START DATA TO PROCESS

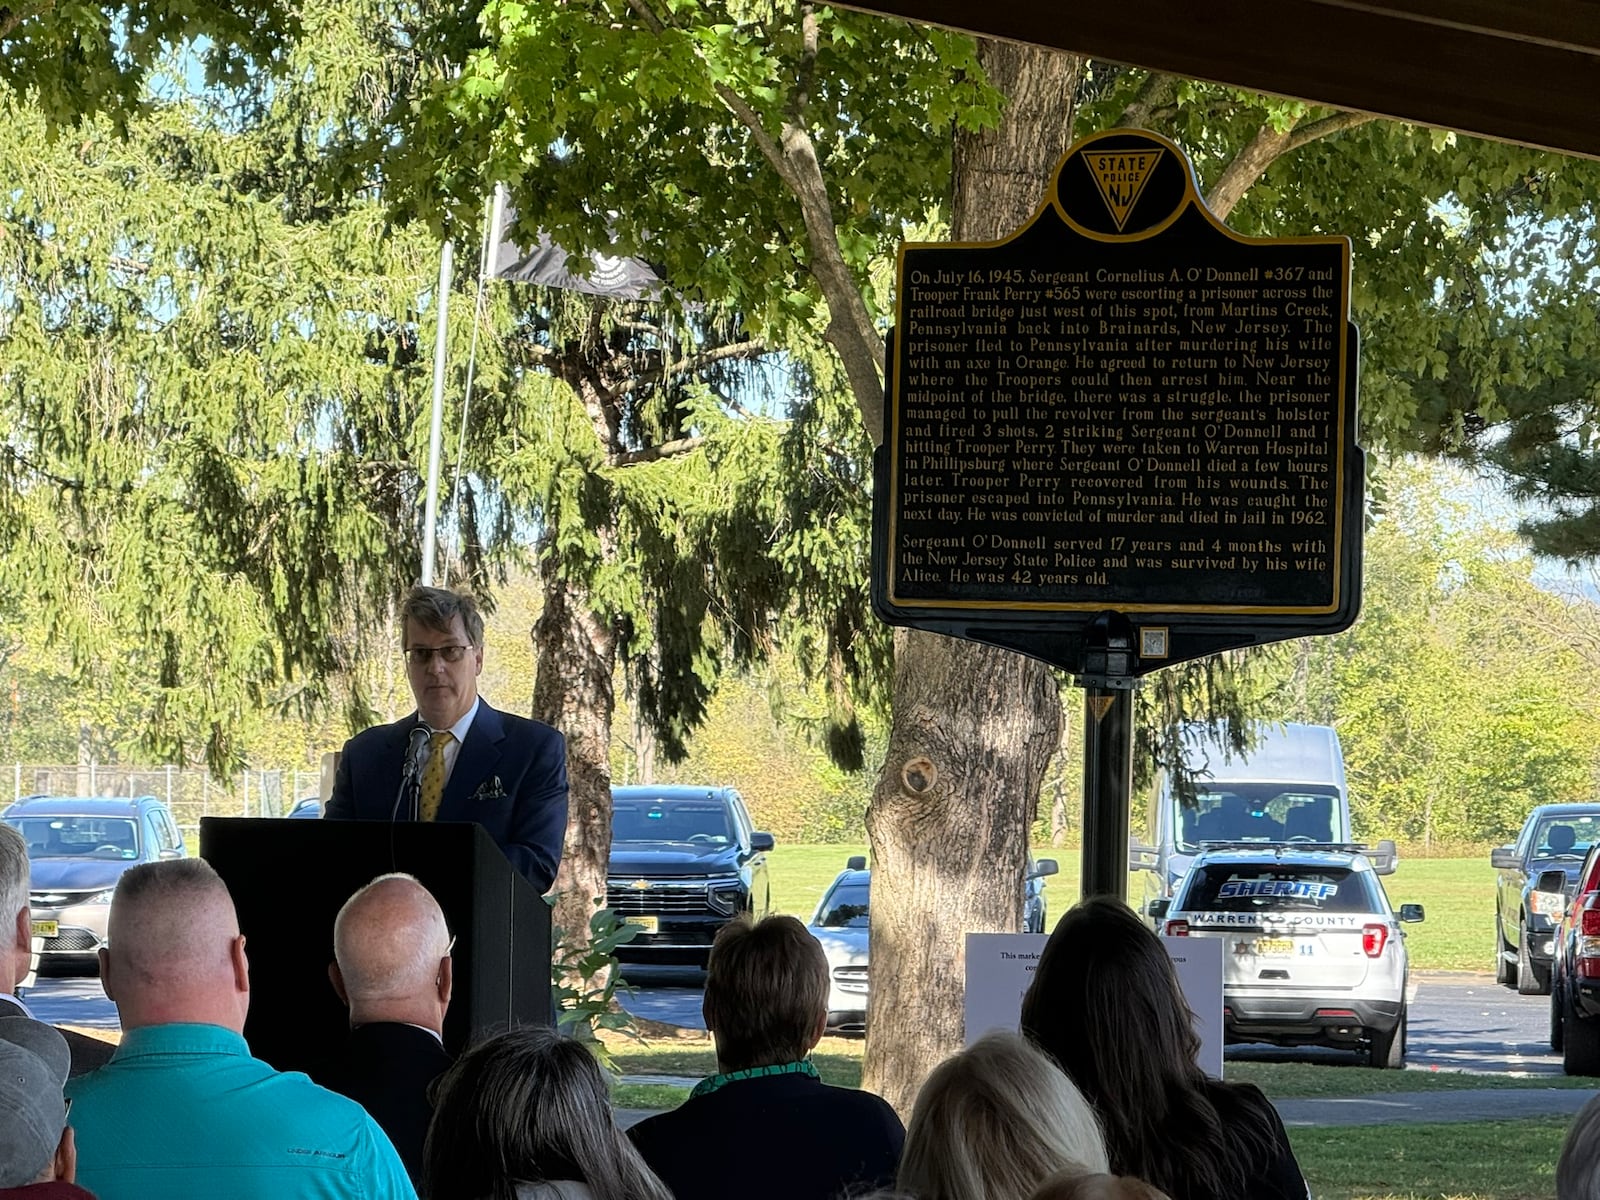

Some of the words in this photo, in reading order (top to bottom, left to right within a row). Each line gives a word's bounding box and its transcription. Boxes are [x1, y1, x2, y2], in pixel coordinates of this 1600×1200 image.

[1098, 156, 1146, 171] STATE
[1103, 172, 1140, 182] POLICE
[1108, 184, 1133, 206] NJ
[910, 270, 930, 284] On
[933, 269, 964, 286] July
[1029, 269, 1089, 285] Sergeant
[1096, 268, 1164, 282] Cornelius
[1264, 267, 1304, 281] #367
[1308, 267, 1332, 280] and
[909, 286, 959, 304] Trooper
[963, 286, 1000, 301] Frank
[1004, 286, 1041, 303] Perry
[1045, 285, 1080, 300] #565
[1085, 289, 1116, 300] were
[1121, 286, 1184, 305] escorting
[1201, 285, 1258, 304] prisoner
[1262, 288, 1306, 298] across
[1312, 284, 1332, 298] the
[910, 304, 965, 318] railroad
[971, 304, 1014, 322] bridge
[1053, 305, 1084, 317] west
[1090, 303, 1102, 317] of
[1110, 303, 1136, 317] this
[1184, 303, 1214, 317] from
[1221, 302, 1277, 316] Martins
[909, 320, 1006, 338] Pennsylvania
[1017, 320, 1050, 334] back
[1060, 320, 1089, 334] into
[1191, 319, 1226, 334] New
[1303, 319, 1332, 333] The
[908, 339, 968, 355] prisoner
[975, 338, 1002, 352] fled
[1010, 339, 1022, 352] to
[1030, 337, 1128, 356] Pennsylvania
[1135, 337, 1172, 351] after
[1179, 337, 1256, 356] murdering
[1265, 337, 1288, 350] his
[1298, 336, 1331, 350] wife
[909, 355, 939, 369] with
[945, 359, 960, 369] an
[966, 359, 990, 369] axe
[997, 355, 1009, 369] in
[1075, 354, 1094, 368] He
[1100, 355, 1145, 374] agreed
[1153, 356, 1165, 368] to
[1172, 356, 1217, 368] return
[1224, 356, 1236, 368] to
[1242, 354, 1274, 368] New
[1280, 354, 1329, 374] Jersey
[908, 372, 953, 386] where
[965, 372, 987, 385] the
[996, 371, 1061, 391] Troopers
[1071, 372, 1109, 386] could
[1120, 371, 1152, 386] then
[1161, 373, 1207, 385] arrest
[1256, 371, 1295, 385] Near
[1307, 371, 1330, 385] the
[907, 389, 964, 405] midpoint
[971, 389, 983, 403] of
[991, 389, 1012, 403] the
[1074, 389, 1111, 403] there
[1118, 392, 1146, 403] was
[1239, 389, 1261, 403] the
[1269, 389, 1330, 405] prisoner
[906, 406, 965, 422] managed
[973, 408, 985, 419] to
[992, 406, 1018, 423] pull
[1026, 406, 1047, 419] the
[1055, 406, 1114, 420] revolver
[1122, 407, 1153, 420] from
[1162, 406, 1183, 420] the
[1191, 408, 1265, 426] sergeant's
[1276, 407, 1329, 421] holster
[905, 423, 931, 437] and
[939, 423, 974, 437] fired
[982, 423, 991, 437] 3
[1045, 424, 1054, 438] 2
[1063, 424, 1122, 443] striking
[1131, 423, 1196, 443] Sergeant
[1290, 424, 1315, 438] and
[905, 439, 950, 458] hitting
[955, 439, 1010, 459] Trooper
[1060, 440, 1095, 459] They
[1102, 443, 1135, 454] were
[1142, 440, 1180, 454] taken
[1187, 442, 1199, 455] to
[1204, 440, 1259, 455] Warren
[1266, 440, 1327, 458] Hospital
[905, 455, 918, 469] in
[922, 456, 1005, 475] Phillipsburg
[1011, 456, 1053, 470] where
[1059, 456, 1120, 473] Sergeant
[1207, 458, 1236, 472] died
[1255, 458, 1279, 472] few
[1287, 458, 1328, 472] hours
[951, 472, 1009, 490] Trooper
[1019, 473, 1060, 491] Perry
[1071, 474, 1142, 488] recovered
[1154, 475, 1186, 488] from
[1197, 475, 1220, 489] his
[1298, 474, 1328, 490] The
[903, 490, 965, 506] prisoner
[971, 491, 1029, 509] escaped
[1038, 491, 1064, 504] into
[1181, 491, 1201, 506] He
[1210, 495, 1238, 506] was
[1247, 492, 1296, 509] caught
[1305, 493, 1327, 507] the
[903, 507, 932, 520] next
[968, 507, 985, 520] He
[991, 511, 1017, 521] was
[1022, 508, 1083, 522] convicted
[1087, 508, 1100, 522] of
[1106, 509, 1155, 523] murder
[1160, 509, 1184, 523] and
[1189, 510, 1218, 524] died
[1224, 510, 1236, 524] in
[1272, 510, 1284, 524] in
[902, 533, 965, 554] Sergeant
[1053, 536, 1102, 550] served
[1110, 535, 1125, 551] 17
[1130, 540, 1171, 554] years
[1179, 538, 1204, 551] and
[1211, 538, 1221, 552] 4
[1228, 539, 1281, 552] months
[1291, 539, 1326, 553] with
[902, 551, 922, 564] the
[928, 551, 957, 565] New
[962, 552, 1007, 569] Jersey
[1013, 552, 1048, 567] State
[1055, 553, 1095, 567] Police
[1103, 554, 1127, 568] and
[1135, 558, 1162, 568] was
[1171, 555, 1235, 569] survived
[1242, 556, 1259, 573] by
[1265, 556, 1287, 570] his
[1294, 556, 1326, 571] wife
[950, 568, 969, 582] He
[976, 572, 1004, 583] was
[1011, 569, 1031, 583] 42
[1039, 573, 1078, 589] years
[1218, 880, 1338, 900] SHERIFF
[1193, 914, 1257, 924] WARREN
[1294, 915, 1356, 925] COUNTY
[1000, 952, 1016, 960] This
[1018, 952, 1041, 960] marke
[1299, 945, 1314, 956] 11

END DATA TO PROCESS

## TASK OBJECTIVE
Print all records word for word, no images.

## ANSWER SECTION
Some of the words in this photo, in reading order (top to bottom, left to right within a row). Each line gives a word's bounding box and its transcription. Boxes are [x1, y1, x2, y2], in pixel coordinates of this 1600×1200 image.

[1098, 156, 1146, 171] STATE
[1103, 172, 1140, 182] POLICE
[1108, 184, 1133, 206] NJ
[910, 270, 930, 284] On
[933, 269, 964, 286] July
[1029, 269, 1089, 285] Sergeant
[1096, 268, 1164, 282] Cornelius
[1264, 267, 1304, 281] #367
[1308, 267, 1332, 280] and
[909, 286, 959, 304] Trooper
[963, 286, 1000, 301] Frank
[1004, 286, 1041, 303] Perry
[1045, 285, 1080, 300] #565
[1085, 289, 1116, 300] were
[1121, 286, 1184, 305] escorting
[1201, 285, 1258, 304] prisoner
[1262, 288, 1306, 298] across
[1312, 284, 1332, 298] the
[910, 304, 965, 318] railroad
[971, 304, 1014, 322] bridge
[1053, 305, 1084, 317] west
[1090, 303, 1102, 317] of
[1110, 303, 1136, 317] this
[1184, 303, 1214, 317] from
[1221, 302, 1277, 316] Martins
[909, 320, 1006, 338] Pennsylvania
[1017, 320, 1050, 334] back
[1060, 320, 1089, 334] into
[1191, 319, 1226, 334] New
[1303, 319, 1332, 333] The
[908, 339, 968, 355] prisoner
[975, 338, 1002, 352] fled
[1010, 339, 1022, 352] to
[1030, 337, 1128, 356] Pennsylvania
[1135, 337, 1172, 351] after
[1179, 337, 1256, 356] murdering
[1265, 337, 1288, 350] his
[1298, 336, 1331, 350] wife
[909, 355, 939, 369] with
[945, 359, 960, 369] an
[966, 359, 990, 369] axe
[997, 355, 1009, 369] in
[1075, 354, 1094, 368] He
[1100, 355, 1145, 374] agreed
[1153, 356, 1165, 368] to
[1172, 356, 1217, 368] return
[1224, 356, 1236, 368] to
[1242, 354, 1274, 368] New
[1280, 354, 1329, 374] Jersey
[908, 372, 953, 386] where
[965, 372, 987, 385] the
[996, 371, 1061, 391] Troopers
[1071, 372, 1109, 386] could
[1120, 371, 1152, 386] then
[1161, 373, 1207, 385] arrest
[1256, 371, 1295, 385] Near
[1307, 371, 1330, 385] the
[907, 389, 964, 405] midpoint
[971, 389, 983, 403] of
[991, 389, 1012, 403] the
[1074, 389, 1111, 403] there
[1118, 392, 1146, 403] was
[1239, 389, 1261, 403] the
[1269, 389, 1330, 405] prisoner
[906, 406, 965, 422] managed
[973, 408, 985, 419] to
[992, 406, 1018, 423] pull
[1026, 406, 1047, 419] the
[1055, 406, 1114, 420] revolver
[1122, 407, 1153, 420] from
[1162, 406, 1183, 420] the
[1191, 408, 1265, 426] sergeant's
[1276, 407, 1329, 421] holster
[905, 423, 931, 437] and
[939, 423, 974, 437] fired
[982, 423, 991, 437] 3
[1045, 424, 1054, 438] 2
[1063, 424, 1122, 443] striking
[1131, 423, 1196, 443] Sergeant
[1290, 424, 1315, 438] and
[905, 439, 950, 458] hitting
[955, 439, 1010, 459] Trooper
[1060, 440, 1095, 459] They
[1102, 443, 1135, 454] were
[1142, 440, 1180, 454] taken
[1187, 442, 1199, 455] to
[1204, 440, 1259, 455] Warren
[1266, 440, 1327, 458] Hospital
[905, 455, 918, 469] in
[922, 456, 1005, 475] Phillipsburg
[1011, 456, 1053, 470] where
[1059, 456, 1120, 473] Sergeant
[1207, 458, 1236, 472] died
[1255, 458, 1279, 472] few
[1287, 458, 1328, 472] hours
[951, 472, 1009, 490] Trooper
[1019, 473, 1060, 491] Perry
[1071, 474, 1142, 488] recovered
[1154, 475, 1186, 488] from
[1197, 475, 1220, 489] his
[1298, 474, 1328, 490] The
[903, 490, 965, 506] prisoner
[971, 491, 1029, 509] escaped
[1038, 491, 1064, 504] into
[1181, 491, 1201, 506] He
[1210, 495, 1238, 506] was
[1247, 492, 1296, 509] caught
[1305, 493, 1327, 507] the
[903, 507, 932, 520] next
[968, 507, 985, 520] He
[991, 511, 1017, 521] was
[1022, 508, 1083, 522] convicted
[1087, 508, 1100, 522] of
[1106, 509, 1155, 523] murder
[1160, 509, 1184, 523] and
[1189, 510, 1218, 524] died
[1224, 510, 1236, 524] in
[1272, 510, 1284, 524] in
[902, 533, 965, 554] Sergeant
[1053, 536, 1102, 550] served
[1110, 535, 1125, 551] 17
[1130, 540, 1171, 554] years
[1179, 538, 1204, 551] and
[1211, 538, 1221, 552] 4
[1228, 539, 1281, 552] months
[1291, 539, 1326, 553] with
[902, 551, 922, 564] the
[928, 551, 957, 565] New
[962, 552, 1007, 569] Jersey
[1013, 552, 1048, 567] State
[1055, 553, 1095, 567] Police
[1103, 554, 1127, 568] and
[1135, 558, 1162, 568] was
[1171, 555, 1235, 569] survived
[1242, 556, 1259, 573] by
[1265, 556, 1287, 570] his
[1294, 556, 1326, 571] wife
[950, 568, 969, 582] He
[976, 572, 1004, 583] was
[1011, 569, 1031, 583] 42
[1039, 573, 1078, 589] years
[1218, 880, 1338, 900] SHERIFF
[1193, 914, 1257, 924] WARREN
[1294, 915, 1356, 925] COUNTY
[1000, 952, 1016, 960] This
[1018, 952, 1041, 960] marke
[1299, 945, 1314, 956] 11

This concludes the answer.